_What the task requires:_ Repeat the entries below exactly, pictures excluded.

_Collected data:_
______

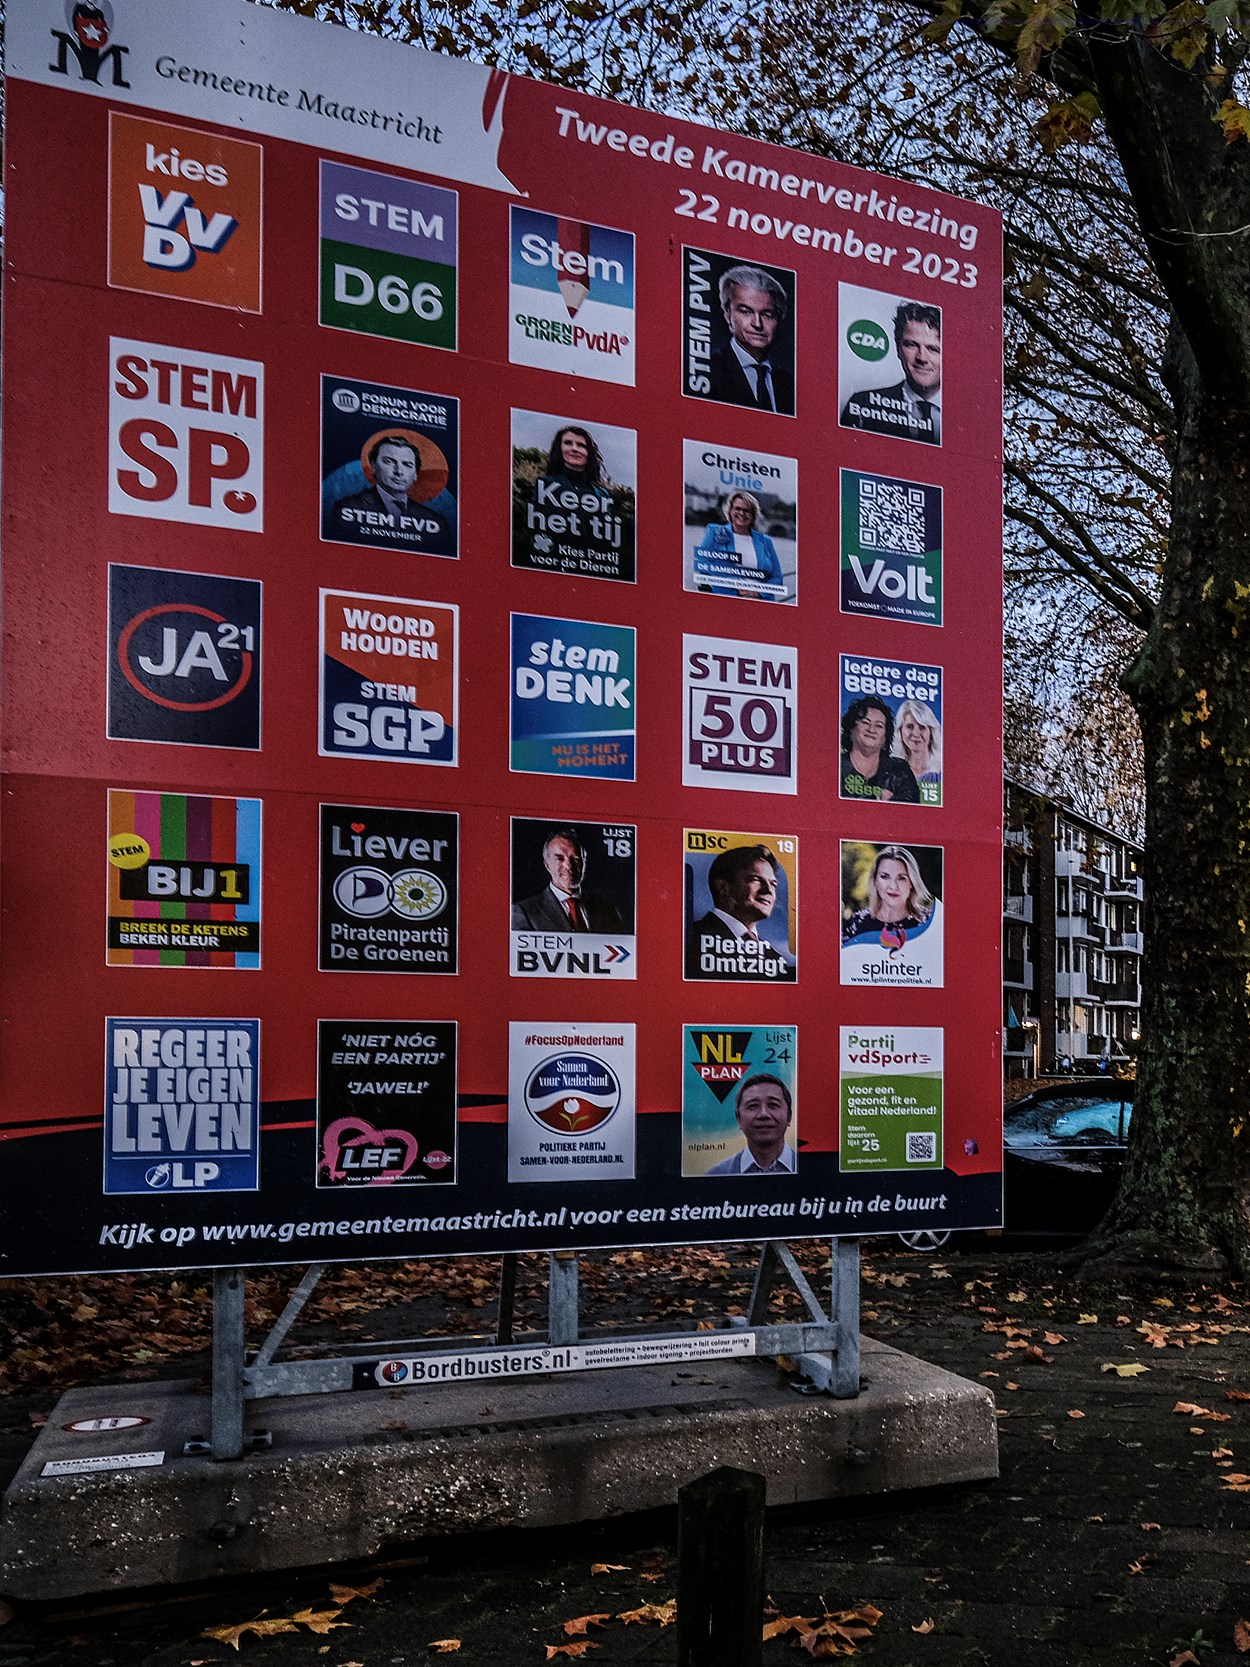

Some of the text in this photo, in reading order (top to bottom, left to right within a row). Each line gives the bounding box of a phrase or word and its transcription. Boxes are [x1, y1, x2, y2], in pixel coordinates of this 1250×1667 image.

[155, 55, 443, 145] Gemeente Maastricht
[145, 142, 229, 187] kies
[555, 106, 979, 251] Tweede Kamerverkiezing
[334, 193, 444, 242] STEM
[674, 188, 978, 289] 22 november 2023
[520, 234, 625, 285] Stem
[334, 263, 444, 322] D66
[515, 313, 573, 335] GROEN
[688, 252, 712, 395] STEM PVV
[525, 327, 573, 347] LINKS
[573, 325, 622, 357] PvdA
[850, 331, 886, 351] CDA
[115, 355, 257, 419] STEM
[361, 392, 448, 417] FORUM VOOR
[869, 391, 913, 414] Henri
[361, 403, 448, 426] DEMOCRATIE
[849, 402, 933, 432] Bontenbal
[702, 452, 781, 479] Christen
[720, 470, 764, 491] Unie
[537, 479, 615, 513] Keer
[341, 507, 441, 534] STEM FVD
[527, 503, 623, 549] het tij
[359, 526, 423, 542] 22 NOVEMBER
[530, 554, 620, 574] voor de Dieren
[558, 544, 620, 566] Kies Partij
[729, 554, 739, 562] IN
[848, 554, 936, 604] Volt
[343, 607, 435, 637] WOORD
[138, 622, 255, 682] JA21
[341, 631, 439, 660] HOUDEN
[528, 638, 620, 673] stem
[688, 652, 792, 690] STEM
[844, 659, 939, 686] Iedere dag
[360, 681, 417, 703] STEM
[516, 666, 631, 709] DENK
[844, 674, 939, 702] BBBeter
[333, 702, 445, 753] SGP
[700, 694, 778, 743] 50
[551, 742, 621, 755] NU IS HET
[701, 743, 776, 769] PLUS
[557, 753, 628, 767] MOMENT
[922, 789, 938, 801] 15
[332, 824, 448, 861] Liever
[602, 827, 633, 838] LIJST
[111, 845, 144, 858] STEM
[603, 838, 632, 858] 18
[776, 840, 794, 854] 19
[147, 865, 243, 899] BIJ1
[119, 921, 249, 937] BREEK DE KETENS
[331, 922, 449, 947] Piratenpartij
[119, 933, 220, 948] BEKEN KLEUR
[517, 934, 573, 950] STEM
[700, 934, 771, 955] Pieter
[330, 943, 449, 963] De Groenen
[517, 950, 611, 974] BVNL
[700, 953, 788, 977] Omtzigt
[862, 959, 923, 978] splinter
[113, 1028, 252, 1068] REGEER
[524, 1034, 624, 1047] #FocusOpNederland
[701, 1033, 742, 1063] NL
[765, 1031, 792, 1045] Lijst
[848, 1034, 895, 1052] Partij
[331, 1052, 372, 1065] EEN
[556, 1060, 588, 1073] Samen
[763, 1047, 791, 1064] 24
[848, 1050, 918, 1067] vdSport
[538, 1074, 609, 1088] voor Nederland
[701, 1066, 742, 1079] PLAN
[112, 1067, 252, 1104] JE EIGEN
[847, 1086, 895, 1095] Voor een
[847, 1095, 917, 1108] gezond, fit en
[847, 1105, 937, 1116] vitaal Nederland!
[112, 1103, 252, 1152] LEVEN
[539, 1141, 606, 1152] POLITIEKE PARTIJ
[688, 1143, 726, 1152] nlplan.nl
[861, 1138, 880, 1152] 25
[342, 1147, 403, 1169] LEF
[519, 1154, 624, 1166] SAMEN-VOOR-NEDERLAND.NL
[172, 1161, 221, 1187] LP
[99, 1193, 948, 1249] Kijk op www.gemeentemaastricht.nl voor een stembureau bij u in de buurt
[585, 1346, 636, 1356] autobelettering
[642, 1342, 693, 1352] bewegwijzering
[711, 1339, 730, 1347] colour
[585, 1347, 733, 1365] gevelreclame indoor signing projectborden

______

_Answer space:_
Some of the text in this photo, in reading order (top to bottom, left to right within a row). Each line gives the bounding box of a phrase or word and its transcription. Boxes are [x1, y1, x2, y2], in pixel coordinates of this 1250×1667 image.

[155, 55, 443, 145] Gemeente Maastricht
[145, 142, 229, 187] kies
[555, 106, 979, 251] Tweede Kamerverkiezing
[334, 193, 444, 242] STEM
[674, 188, 978, 289] 22 november 2023
[520, 234, 625, 285] Stem
[334, 263, 444, 322] D66
[515, 313, 573, 335] GROEN
[688, 252, 712, 395] STEM PVV
[525, 327, 573, 347] LINKS
[573, 325, 622, 357] PvdA
[850, 331, 886, 351] CDA
[115, 355, 257, 419] STEM
[361, 392, 448, 417] FORUM VOOR
[869, 391, 913, 414] Henri
[361, 403, 448, 426] DEMOCRATIE
[849, 402, 933, 432] Bontenbal
[702, 452, 781, 479] Christen
[720, 470, 764, 491] Unie
[537, 479, 615, 513] Keer
[341, 507, 441, 534] STEM FVD
[527, 503, 623, 549] het tij
[359, 526, 423, 542] 22 NOVEMBER
[530, 554, 620, 574] voor de Dieren
[558, 544, 620, 566] Kies Partij
[729, 554, 739, 562] IN
[848, 554, 936, 604] Volt
[343, 607, 435, 637] WOORD
[138, 622, 255, 682] JA21
[341, 631, 439, 660] HOUDEN
[528, 638, 620, 673] stem
[688, 652, 792, 690] STEM
[844, 659, 939, 686] Iedere dag
[360, 681, 417, 703] STEM
[516, 666, 631, 709] DENK
[844, 674, 939, 702] BBBeter
[333, 702, 445, 753] SGP
[700, 694, 778, 743] 50
[551, 742, 621, 755] NU IS HET
[701, 743, 776, 769] PLUS
[557, 753, 628, 767] MOMENT
[922, 789, 938, 801] 15
[332, 824, 448, 861] Liever
[602, 827, 633, 838] LIJST
[111, 845, 144, 858] STEM
[603, 838, 632, 858] 18
[776, 840, 794, 854] 19
[147, 865, 243, 899] BIJ1
[119, 921, 249, 937] BREEK DE KETENS
[331, 922, 449, 947] Piratenpartij
[119, 933, 220, 948] BEKEN KLEUR
[517, 934, 573, 950] STEM
[700, 934, 771, 955] Pieter
[330, 943, 449, 963] De Groenen
[517, 950, 611, 974] BVNL
[700, 953, 788, 977] Omtzigt
[862, 959, 923, 978] splinter
[113, 1028, 252, 1068] REGEER
[524, 1034, 624, 1047] #FocusOpNederland
[701, 1033, 742, 1063] NL
[765, 1031, 792, 1045] Lijst
[848, 1034, 895, 1052] Partij
[331, 1052, 372, 1065] EEN
[556, 1060, 588, 1073] Samen
[763, 1047, 791, 1064] 24
[848, 1050, 918, 1067] vdSport
[538, 1074, 609, 1088] voor Nederland
[701, 1066, 742, 1079] PLAN
[112, 1067, 252, 1104] JE EIGEN
[847, 1086, 895, 1095] Voor een
[847, 1095, 917, 1108] gezond, fit en
[847, 1105, 937, 1116] vitaal Nederland!
[112, 1103, 252, 1152] LEVEN
[539, 1141, 606, 1152] POLITIEKE PARTIJ
[688, 1143, 726, 1152] nlplan.nl
[861, 1138, 880, 1152] 25
[342, 1147, 403, 1169] LEF
[519, 1154, 624, 1166] SAMEN-VOOR-NEDERLAND.NL
[172, 1161, 221, 1187] LP
[99, 1193, 948, 1249] Kijk op www.gemeentemaastricht.nl voor een stembureau bij u in de buurt
[585, 1346, 636, 1356] autobelettering
[642, 1342, 693, 1352] bewegwijzering
[711, 1339, 730, 1347] colour
[585, 1347, 733, 1365] gevelreclame indoor signing projectborden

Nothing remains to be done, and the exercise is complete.